**Activity:**
Pull out every line below holding the word "harina".

Text-to-region grounding data:
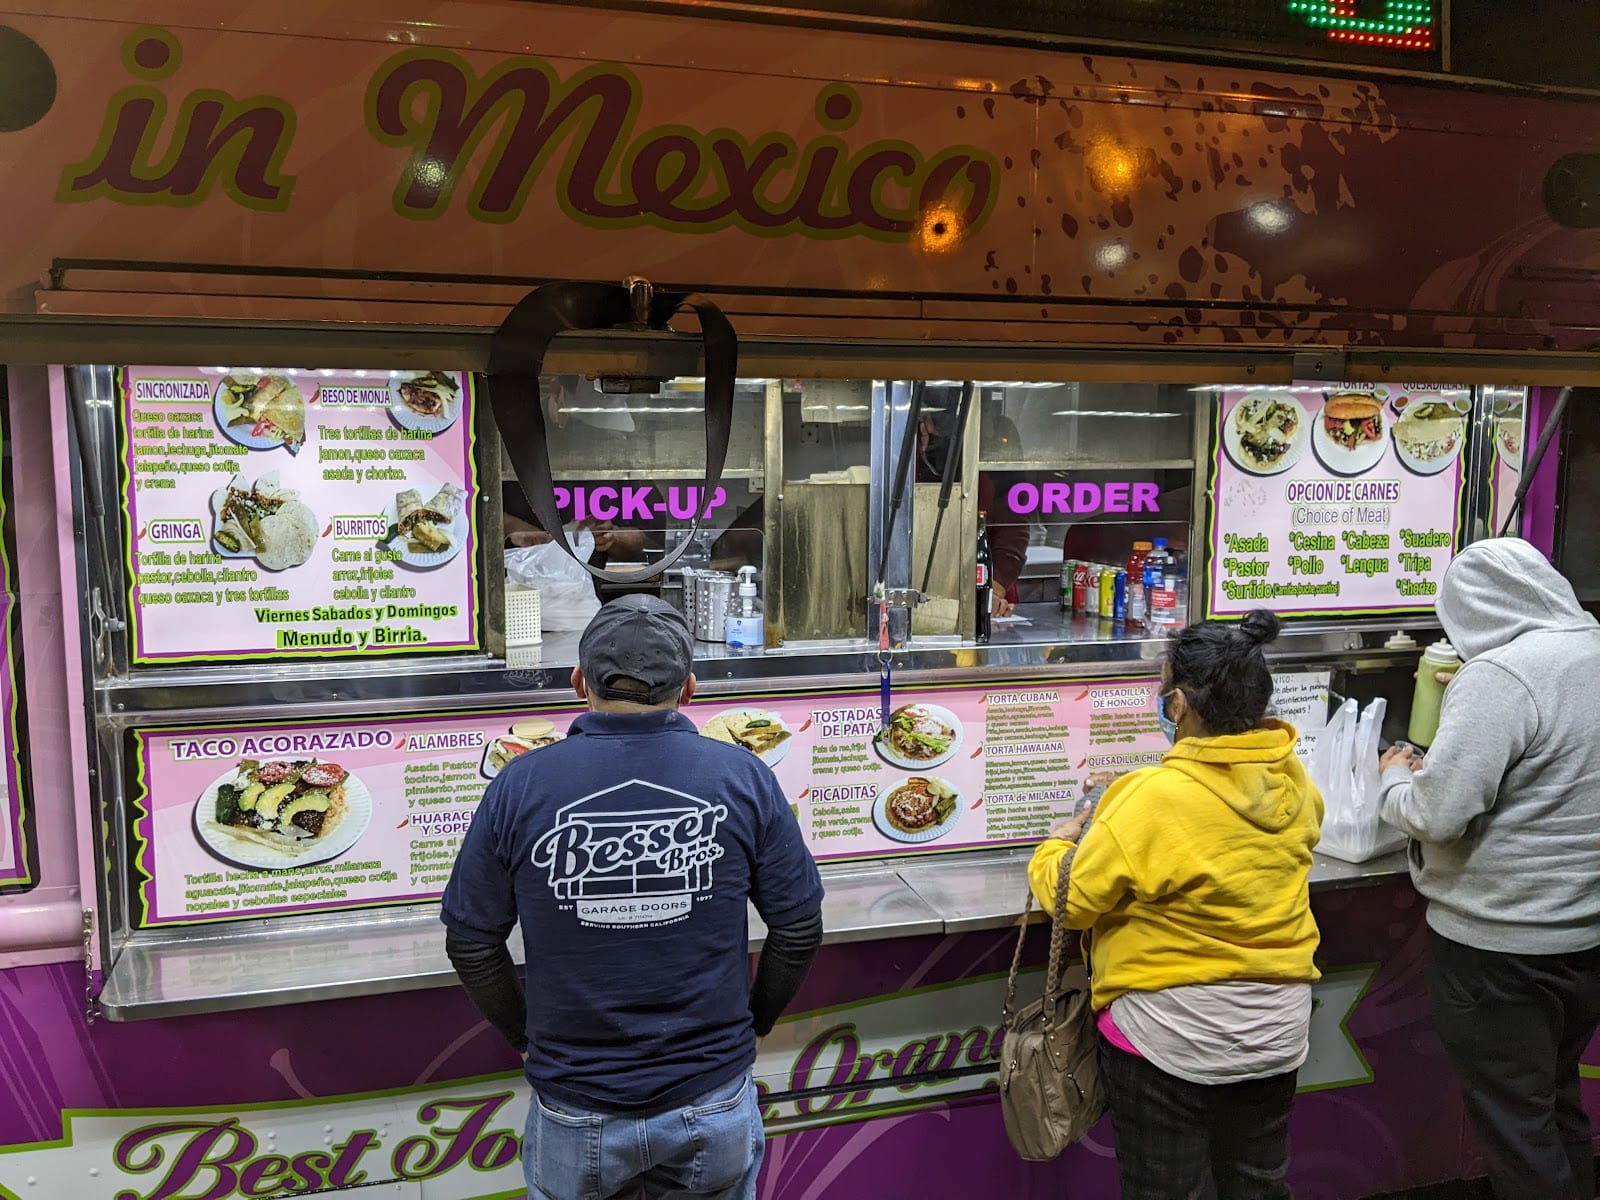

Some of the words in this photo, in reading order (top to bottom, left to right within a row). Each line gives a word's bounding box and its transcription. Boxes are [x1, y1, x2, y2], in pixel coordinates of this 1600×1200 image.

[57, 25, 298, 211] in
[363, 47, 1001, 239] Mexico
[136, 382, 210, 399] SINCRONIZADA
[322, 389, 345, 403] BESO
[347, 390, 358, 403] DE
[360, 390, 391, 404] MONJA
[132, 410, 165, 422] Queso
[167, 412, 203, 422] oaxaca
[133, 426, 165, 439] tortilla
[168, 427, 181, 439] de
[182, 426, 214, 439] harina
[318, 425, 341, 440] Tres
[343, 425, 383, 440] tortillas
[386, 427, 398, 440] de
[400, 427, 433, 440] harina
[319, 445, 387, 464] jamon,queso
[388, 449, 425, 460] oaxaca
[323, 468, 354, 480] asada
[356, 470, 363, 484] y
[136, 479, 142, 491] y
[144, 478, 176, 488] crema
[1288, 483, 1333, 500] OPCION
[1337, 484, 1351, 500] DE
[1354, 483, 1398, 500] CARNES
[1007, 482, 1160, 514] ORDER
[1293, 507, 1338, 528] (Choice
[1342, 507, 1353, 523] of
[1358, 507, 1390, 527] Meat)
[151, 523, 200, 539] GRINGA
[336, 520, 386, 535] BURRITOS
[136, 551, 172, 565] Tortilla
[174, 551, 187, 565] de
[189, 550, 222, 565] harina
[332, 548, 361, 562] Carne
[363, 548, 373, 561] al
[375, 549, 403, 564] gusto
[138, 592, 172, 608] queso
[175, 592, 213, 604] oaxaca
[215, 592, 223, 606] y
[225, 588, 246, 601] tres
[250, 587, 289, 601] tortillas
[333, 586, 369, 600] cebolla
[371, 588, 378, 602] y
[380, 585, 416, 600] cilantro
[255, 608, 309, 623] Viernes
[312, 605, 372, 621] Sabados
[375, 608, 383, 621] y
[387, 604, 457, 618] Domingos
[283, 629, 352, 647] Menudo
[359, 631, 368, 647] y
[375, 626, 427, 643] Birria.
[988, 694, 1018, 703] TORTA
[1020, 692, 1059, 702] CUBANA
[1091, 688, 1151, 698] QUESADILLAS
[1107, 698, 1145, 708] HONGOS
[814, 709, 882, 723] TOSTADAS
[823, 725, 839, 736] DE
[844, 723, 874, 735] PATA
[172, 740, 236, 757] TACO
[242, 731, 392, 753] ACORAZADO
[409, 733, 483, 749] ALAMBRES
[987, 745, 1014, 755] TORTA
[1016, 742, 1063, 753] HAWAIANA
[405, 763, 439, 773] Asada
[442, 761, 478, 771] Pastor
[1088, 755, 1139, 767] QUESADILLA
[405, 783, 487, 797] pimiento,morro
[811, 785, 876, 802] PICADITAS
[987, 794, 1014, 803] TORTA
[1016, 794, 1027, 802] de
[1028, 790, 1072, 801] MILANEZA
[408, 800, 415, 808] y
[418, 796, 452, 807] queso
[423, 826, 430, 835] Y
[435, 823, 469, 834] SOPE
[410, 840, 444, 850] Carne
[447, 837, 457, 846] al
[531, 804, 729, 887] Besser
[656, 843, 725, 875] Bros.
[185, 872, 222, 885] Tortilla
[226, 869, 259, 882] hecha
[369, 871, 397, 883] cotija
[411, 877, 417, 886] y
[421, 874, 450, 884] ques
[186, 900, 229, 912] nopales
[233, 900, 239, 910] y
[243, 894, 288, 907] cebollas
[291, 889, 347, 902] especiales
[581, 905, 637, 914] GARAGE
[641, 901, 688, 911] DOORS
[650, 914, 690, 928] CALIFORNIA
[113, 1117, 381, 1200] Best
[391, 1091, 524, 1181] Fo
[788, 1022, 1001, 1113] Oran

**Solution to the problem:**
[182, 426, 214, 439] harina
[400, 427, 433, 440] harina
[189, 550, 222, 565] harina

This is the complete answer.